**Assignment:** A faithful copy of every entry is the goal; keep the images out of it.

Data excerpts

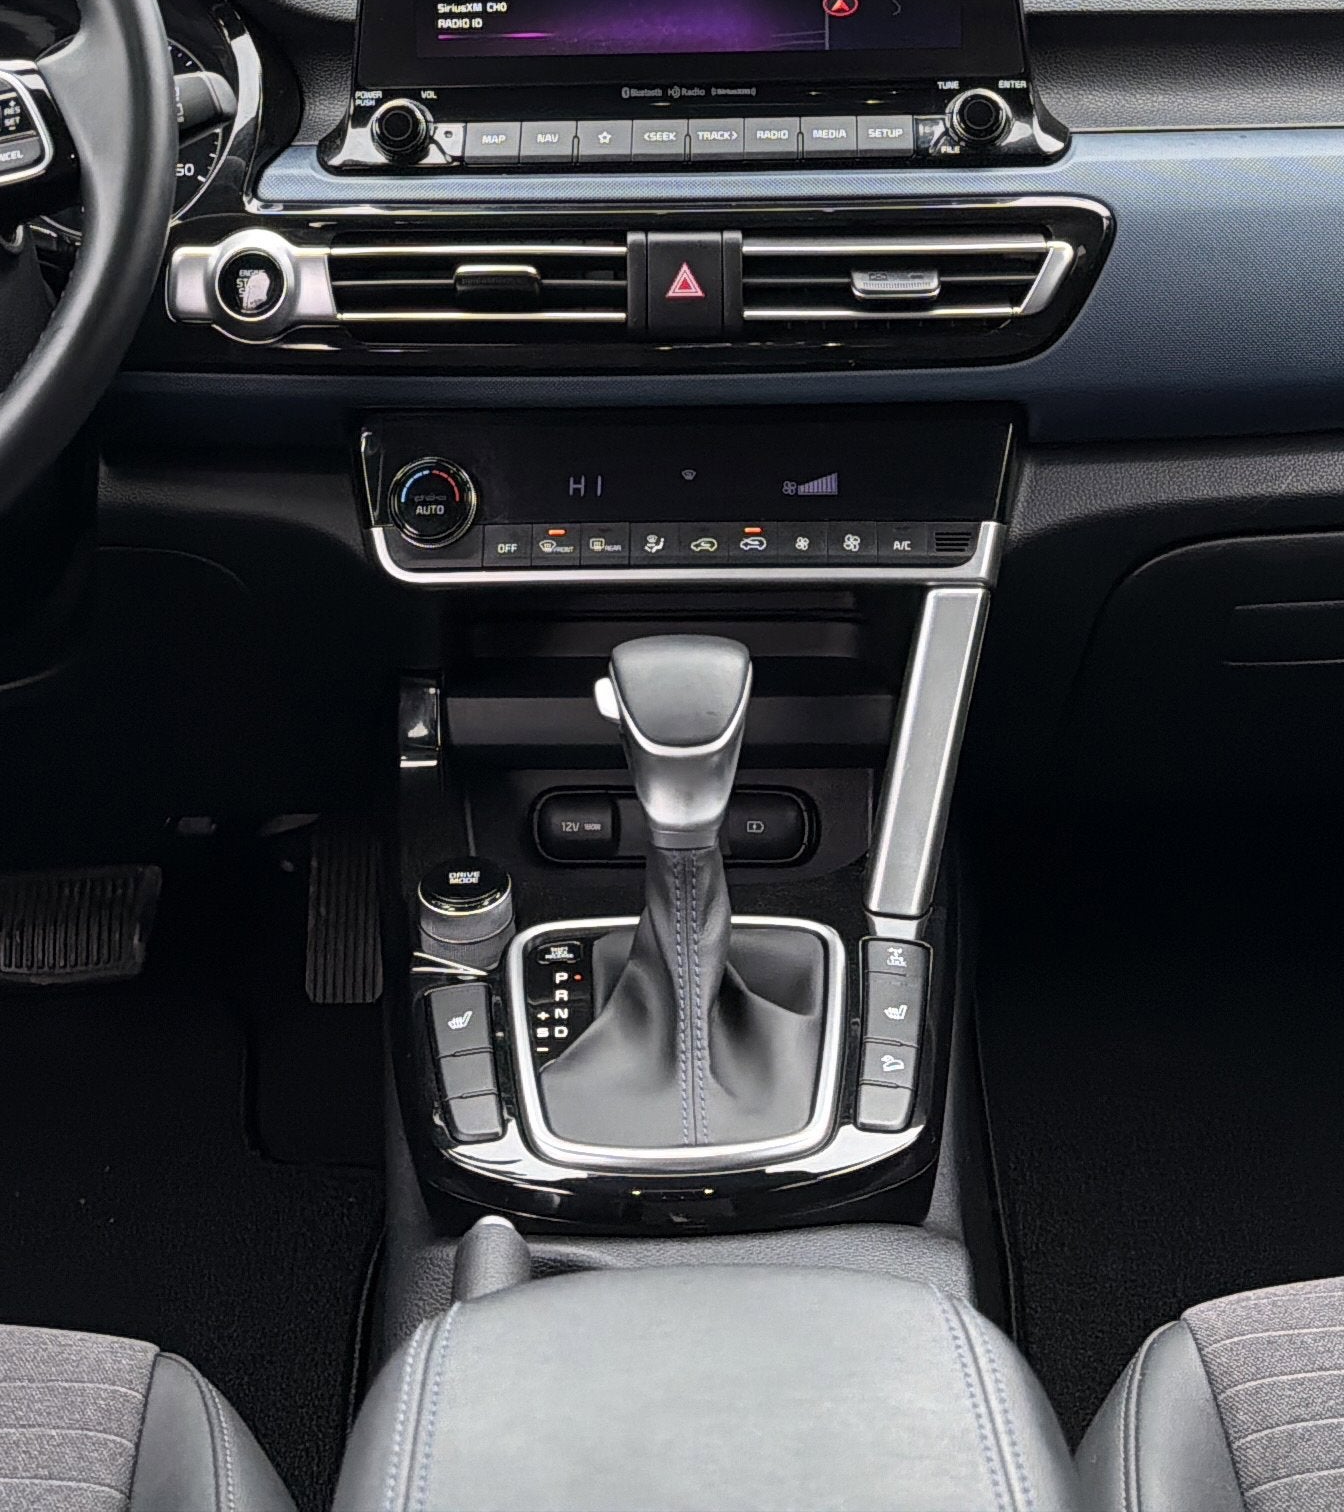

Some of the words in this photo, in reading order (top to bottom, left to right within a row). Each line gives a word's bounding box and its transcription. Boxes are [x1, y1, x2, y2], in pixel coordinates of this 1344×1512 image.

[437, 2, 483, 13] SiriusXM
[437, 18, 470, 29] RADIO
[472, 17, 483, 28] ID
[937, 80, 960, 89] TUNE
[998, 79, 1027, 89] ENTER
[355, 90, 383, 99] POWER
[420, 90, 438, 99] VOL
[355, 99, 376, 107] PUSH
[3, 105, 21, 116] RES
[4, 116, 21, 127] SET
[536, 133, 559, 144] NAV
[756, 130, 789, 140] RADIO
[812, 129, 847, 139] MEDIA
[867, 128, 903, 138] SETUP
[481, 134, 506, 144] MAP
[415, 504, 445, 516] AUTO
[497, 543, 518, 554] OFF
[893, 540, 912, 551] A/C
[560, 821, 580, 832] 12V
[448, 870, 480, 879] DRIVE
[449, 877, 479, 885] MODE
[554, 971, 569, 985] P
[554, 989, 569, 1002] R
[554, 1008, 569, 1020] N
[536, 1027, 549, 1038] S
[554, 1025, 569, 1038] D
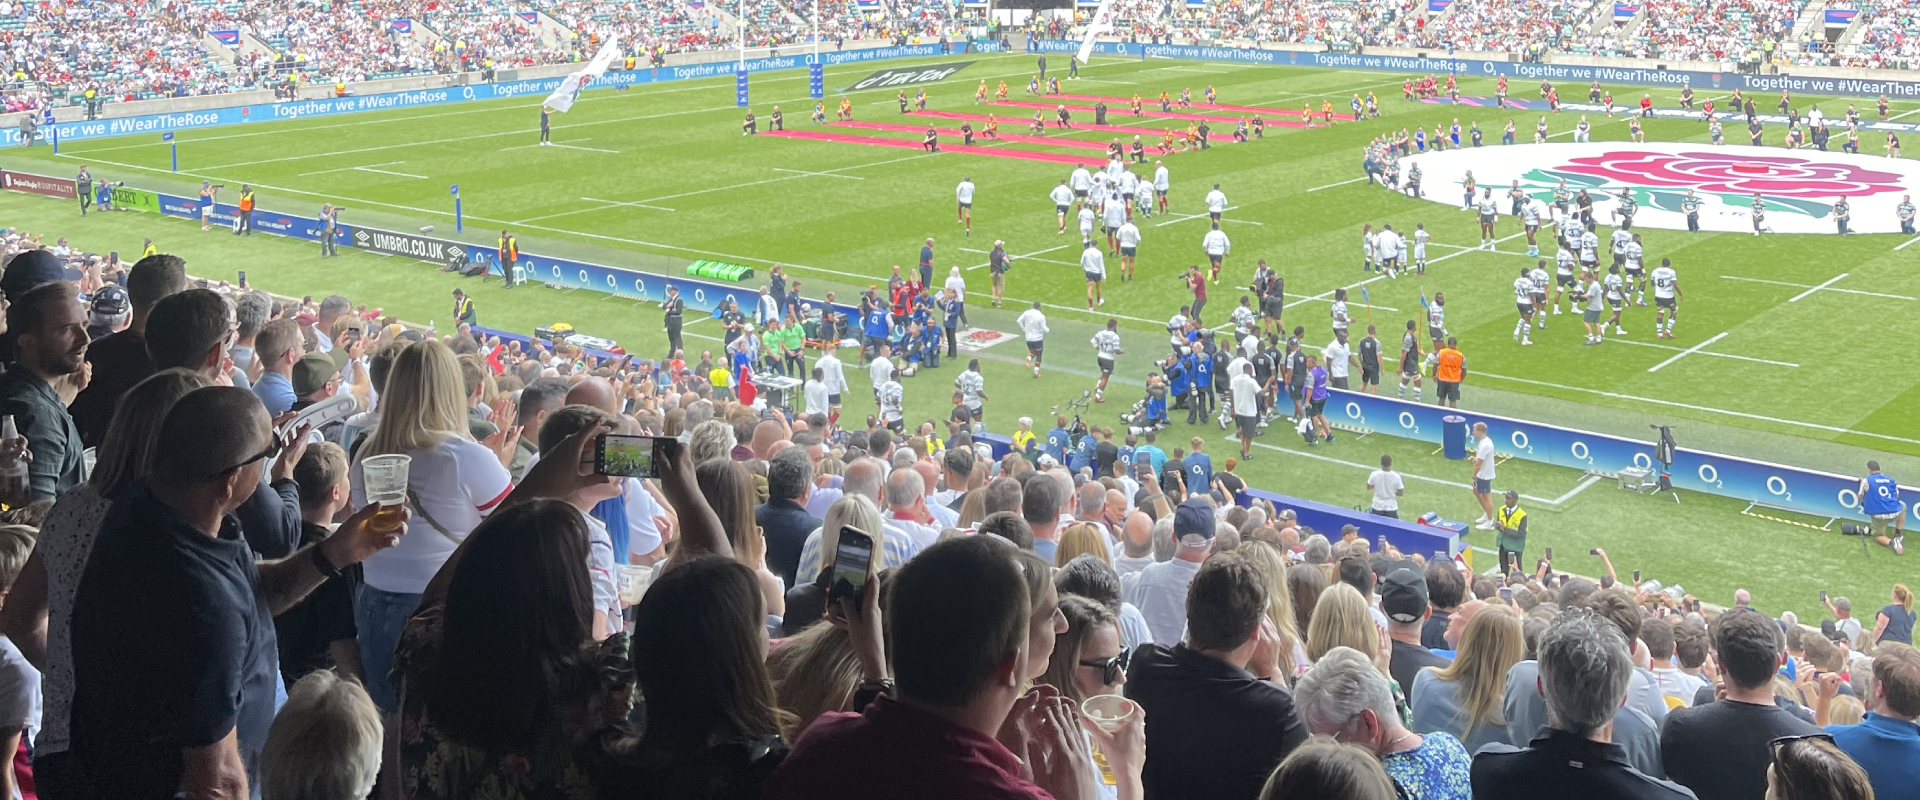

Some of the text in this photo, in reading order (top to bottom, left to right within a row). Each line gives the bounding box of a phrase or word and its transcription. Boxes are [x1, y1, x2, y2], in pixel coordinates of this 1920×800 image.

**Result below:**
Some of the words in this photo, in reading order (top to bottom, left to right within a row). Each line gives a word's bounding box and its transcription. Boxes are [x1, y1, x2, y2], in pixel coordinates of this 1344×1512 image.

[437, 2, 483, 13] SiriusXM
[437, 18, 470, 29] RADIO
[472, 17, 483, 28] ID
[937, 80, 960, 89] TUNE
[998, 79, 1027, 89] ENTER
[355, 90, 383, 99] POWER
[420, 90, 438, 99] VOL
[355, 99, 376, 107] PUSH
[3, 105, 21, 116] RES
[4, 116, 21, 127] SET
[536, 133, 559, 144] NAV
[756, 130, 789, 140] RADIO
[812, 129, 847, 139] MEDIA
[867, 128, 903, 138] SETUP
[481, 134, 506, 144] MAP
[415, 504, 445, 516] AUTO
[497, 543, 518, 554] OFF
[893, 540, 912, 551] A/C
[560, 821, 580, 832] 12V
[448, 870, 480, 879] DRIVE
[449, 877, 479, 885] MODE
[554, 971, 569, 985] P
[554, 989, 569, 1002] R
[554, 1008, 569, 1020] N
[536, 1027, 549, 1038] S
[554, 1025, 569, 1038] D

Some of the text in this photo, in reading order (top to bottom, left to right within a row). Each line gives the bounding box of a phrase or word and its transcription. Boxes are [x1, y1, x2, y2], in pixel coordinates of this 1920×800 image.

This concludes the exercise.